I decided this year to follow my daughter's example. She and her family sit together on January 1 and decide on one or two words that will be their focus
for the year. I always thought it was a great idea, just never did it.
This year is different. I would like to think it is due to all the activities I want to do, the projects I want to complete, the books I want to read, the plants I want to get into my garden - It could be aging and accepting there is a change in my body and mind as the years stream by. It doesn't really matter.
This year I selected my two words and I am saying them out loud twice a day, reminding myself what my Jan. 1 intention was - to focus on 2 words.

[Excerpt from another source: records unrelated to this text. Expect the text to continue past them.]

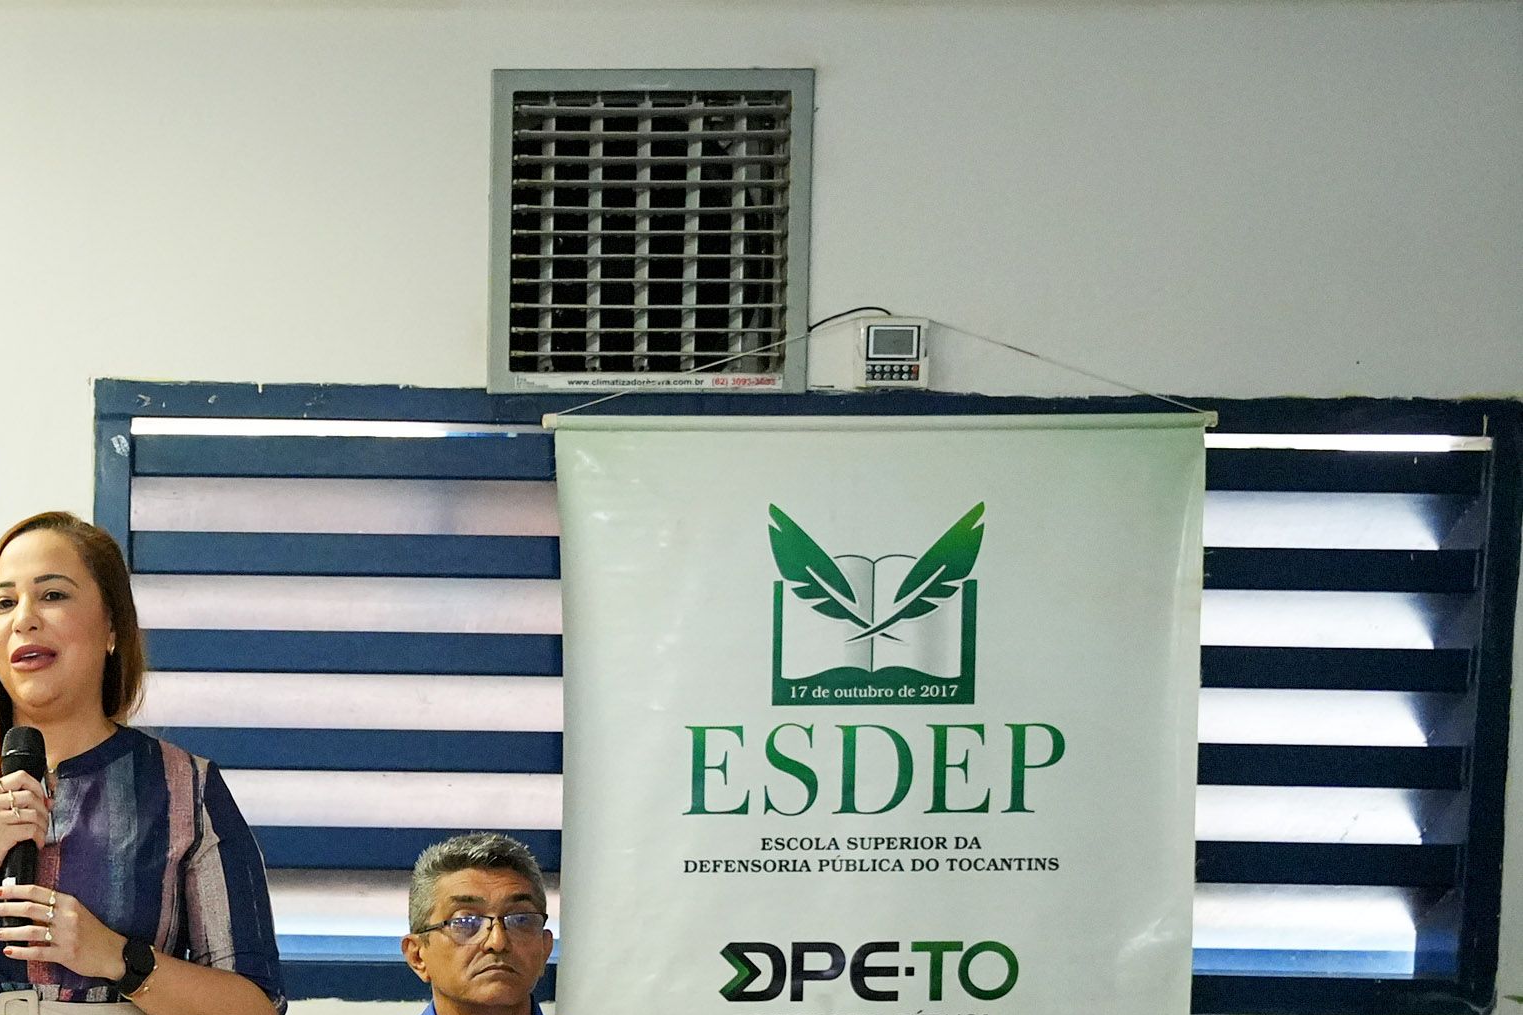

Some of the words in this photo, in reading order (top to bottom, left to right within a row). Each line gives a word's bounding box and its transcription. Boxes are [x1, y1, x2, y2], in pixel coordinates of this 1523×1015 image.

[791, 686, 807, 698] 17
[812, 686, 829, 698] de
[834, 685, 893, 698] outubro
[898, 685, 915, 697] de
[920, 685, 958, 697] 2017
[683, 723, 1065, 816] ESDEP
[761, 838, 840, 850] ESCOLA
[847, 837, 948, 850] SUPERIOR
[955, 837, 981, 849] DA
[684, 860, 811, 873] DEFENSORIA
[818, 855, 904, 872] PÚBLICA
[911, 858, 939, 871] DO
[946, 858, 1059, 871] TOCANTINS
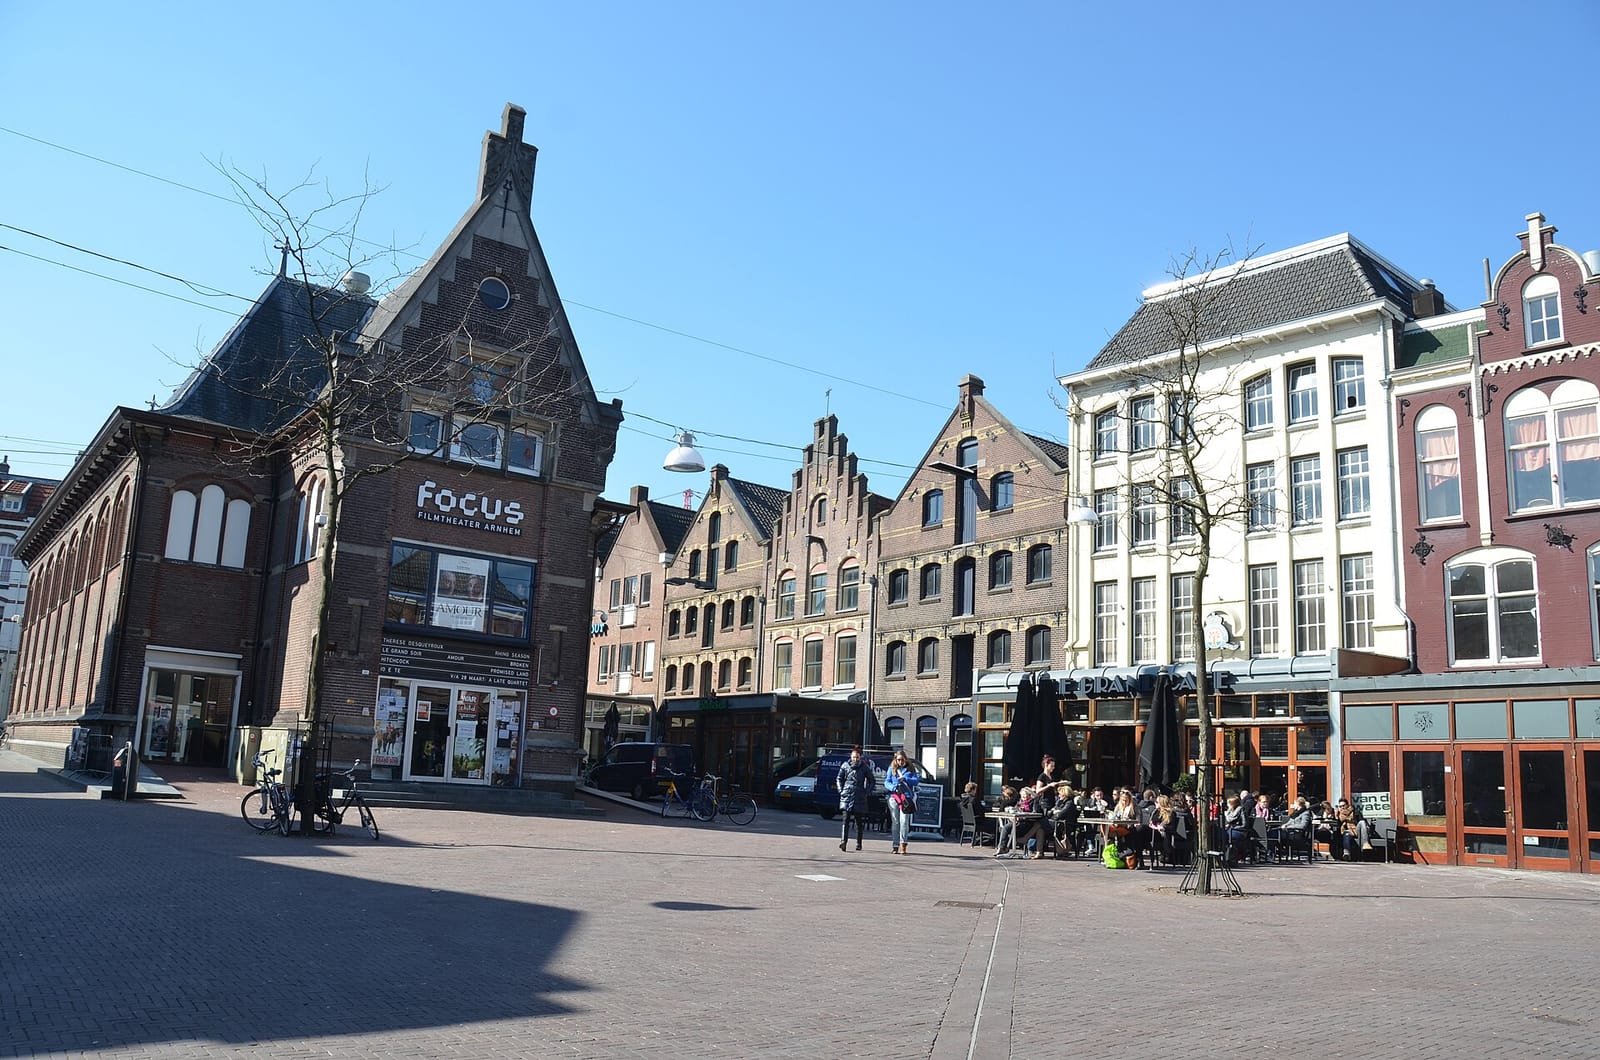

I figure if I can accept the changes and challenges that are a piece of every day
I will be a healthier and happier person. And I will be more patient with those I love and encounter. I don't intend to roll over and just let things happen. I will accept the challenges, but not let the challenges define me. And I won't lose sleep worrying about them. They will be there no matter what.
Contentment for me is recognizing how grand, wonderful, rich, blessed my life is
right now, this minute. I plan to find that place in me that exudes joy for being alive. Instead of thinking about the "wish I did, wish I could, when will I..." I am savoring the simple and big gifts my life has. Family, friends, electricity, water, food, travel, movies, music... This list could become very long. And it helps me
realize how contented I am. I just need to stop and say it.
I do believe we always have a choice.
In 2018, I
choose to be filled with contentment and acceptance.
What would you choose as your word for 2018?
Please let me know.
I want to create a painting of words.